Lastly, every society has its larger festivals and the Balinese are no different. The Balinese celebrate two different calendars beyond the typical Christian one and, of course, they have celebrations for both: the ten-day Galungan festival and the more animated and silent Nyepi festival, which includes thousands of Ogoh Ogoh puppets and sculptures (presented to scare away evil spirits the day before the whole island goes completely silent with no one leaving home – so as to trick the demons into thinking the island is abandoned.

As I experience these elaborate fests that represent almost primitive ritual, it’s easy to forget that this is a modern island with two swanky Four Seasons giving the bourgeois bohemian luxury seal of approval. (And, yet, this is a place where many locals still primarily bathe in the river and don’t have indoor plumbing.) Each time I come here, I channel my inner Margaret Mead and set off with my trusty guide Made Jiwa to witness a celebration that puts our “collective wave” at the American football stadium to shame.

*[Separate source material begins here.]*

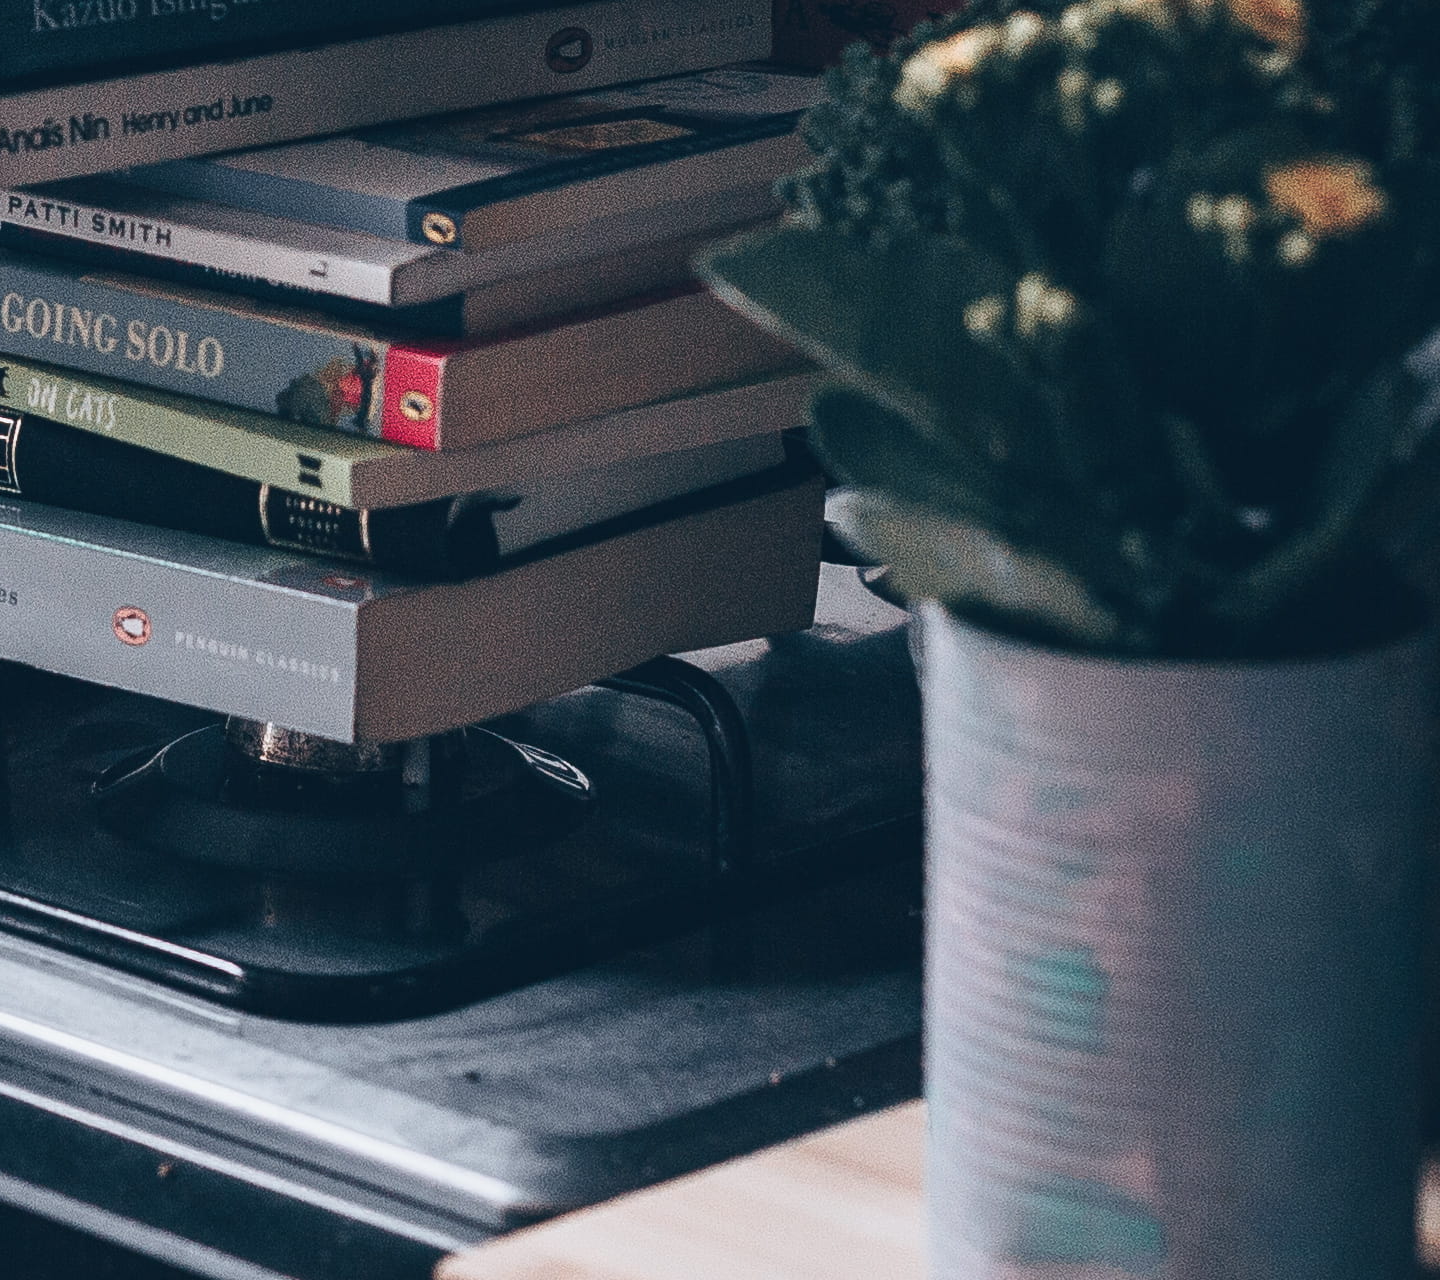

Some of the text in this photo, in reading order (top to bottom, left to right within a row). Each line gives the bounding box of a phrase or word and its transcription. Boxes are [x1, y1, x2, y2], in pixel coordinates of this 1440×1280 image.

Why has Bali become the capital of the world for modern day mythology? Certainly, the local religion (called Agama Hindu) has some relevance. Balinese Hinduism is an amalgam in which gods and demigods are worshiped alongside Buddhist heroes, the spirits of ancestors, and indigenous agricultural deities. Most importantly, animism – the belief that everything has a spirit – creates a sort of reverence that deserves celebration. And the fact that good and evil are in constant combat in the Balinese mind means that daily reminders are needed for how to live a good life. This is also why you see daily offerings placed throughout a home, at the doorways of local shops, and in rice paddy fields (check out my Huff Post blog on how to apply daily offerings to your work life).

The Balinese have clung to their ancestral rituals through a series of conquerors from the Dutch to the Javanese who have come to this volcanic island to try and tame the locals. More recently, this has come in the form of millions of tourists who descend on this little speck of paradise seeking their own joie de vivre, including author Liz Gilbert, as documented in “Eat Pray Love” (the most common non-Balinese sightings here are the droves of middle aged American women hoping to find their own version of Gilbert’s bliss). The gracious and adaptable Balinese, who created a complex means of irrigating their fields from the sacred mountains to the sea, have also created a complex, authentic culture built on unique celebrations that remind them who they are in this increasingly commoditized world.

For me, the Balinese remind me that life is just one endless celebration and then we die and then, YIPPEE! we can celebrate again. But, more than that, they remind me of the power of the collective when experiencing joy. In the United States, our individual achievements are celebrated and we wonder why we often feel so alone. Alone doesn’t have a synonym in Balinese.